A 300-μg protein sample was used for digestion, and the protein solution was reduced with 5 mM dithiothreitol for 30 min at 56°C and alkylated with 11 mM iodoacetamide for 15 min in the dark at room temperature. The protein sample was diluted by adding 100 mM triethylammonium bicarbonate (Thermo, USA) so that the urea concentration was less than 2 M. Finally, trypsin was added at a 1:50 trypsin-to-protein mass ratio for initial overnight digestion and a 1:100 trypsin-to-protein mass ratio was added for a second 4 h-digestion.

LC-MS/MS Analysis

A total of 5 μg of tryptic peptides was dissolved in 0.1% formic acid (solvent A) and directly loaded onto a homemade reversed-phase analytical column (15-cm length, 75 μm i.d.). The gradient was comprised of an increase from 6% to 23% solvent B (0.1% formic acid in 98% acetonitrile) over 26 min, 23% to 35% over 8 min, climbed to 80% in 3 min, and then held at 80% for the final 3 min. All steps were done at a constant flow rate of 300 nL/min in a nanoElute UHPLC system (Bruker Daltonics).

In total, 0.2 μg of peptides was subjected to capillary electrophoresis followed by timsTOF Pro (Bruker Daltonics) mass spectrometry. The electrospray voltage applied was 1.4 kV. Precursors and fragments were identified and analyzed using the TOF detector, with the MS/MS scan range set at 100 to 1700 m/z. The timsTOF Pro was operated in the parallel accumulation serial fragmentation (PASEF) mode. Precursors with charge states from 0 to 5 were selected for fragmentation, and 10 PASEF-MS/MS scans were acquired each cycle. The dynamic exclusion was set at 24 s.

Database Search

The resulting MS/MS data were processed using Maxquant (v1.6.6.0) and searched against the Uniprot database (Brucella melitensis, 3138 entries. UniprotKB: UP000013102) concatenated with the reverse decoy database. Trypsin/P was specified as a cleavage enzyme and up to 2 missed cleavages. The mass tolerance for precursor ions was set at 70 ppm for the first search and 70 ppm for the main search, and the mass tolerance for fragment ions was set at 0.04 Da. Carbamidomethyl on Cys was specified as fixed modification and oxidation on Met and acetylation on the protein N-terminus were specified as variable modifications. The false discovery rate (FDR) was adjusted to < 1%, and the minimum score for modified peptides was set to > 40.

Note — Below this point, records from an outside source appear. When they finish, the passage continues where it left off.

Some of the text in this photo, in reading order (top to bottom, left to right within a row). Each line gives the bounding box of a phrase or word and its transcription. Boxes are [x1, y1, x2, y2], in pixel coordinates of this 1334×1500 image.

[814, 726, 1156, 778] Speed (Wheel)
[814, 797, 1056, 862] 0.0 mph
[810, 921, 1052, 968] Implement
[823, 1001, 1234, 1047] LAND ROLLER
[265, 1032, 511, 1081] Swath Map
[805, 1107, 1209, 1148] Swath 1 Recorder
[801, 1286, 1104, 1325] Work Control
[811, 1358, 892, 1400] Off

Bioinformatics Data Analysis

Protein’s Gene Ontology (GO) function and the protein domain function annotation were completed using the InterProScan software (v.5.14-53.0), according to the protein sequence alignment method. Then, the classification of proteins was finished by GO annotation based on three categories: biological process, cellular component, and molecular function. Additionally, annotation of the protein pathway was completed using the Kyoto Encyclopedia of Genes and Genomes (KEGG) database; Wolfpsort software (v.0.2) was used to predict subcellular localization. GO and the KEGG databases were used to perform functional enrichment analysis. The corresponding functions and pathways with P < 0.05 (two-tailed Fisher’s exact test) were considered significant.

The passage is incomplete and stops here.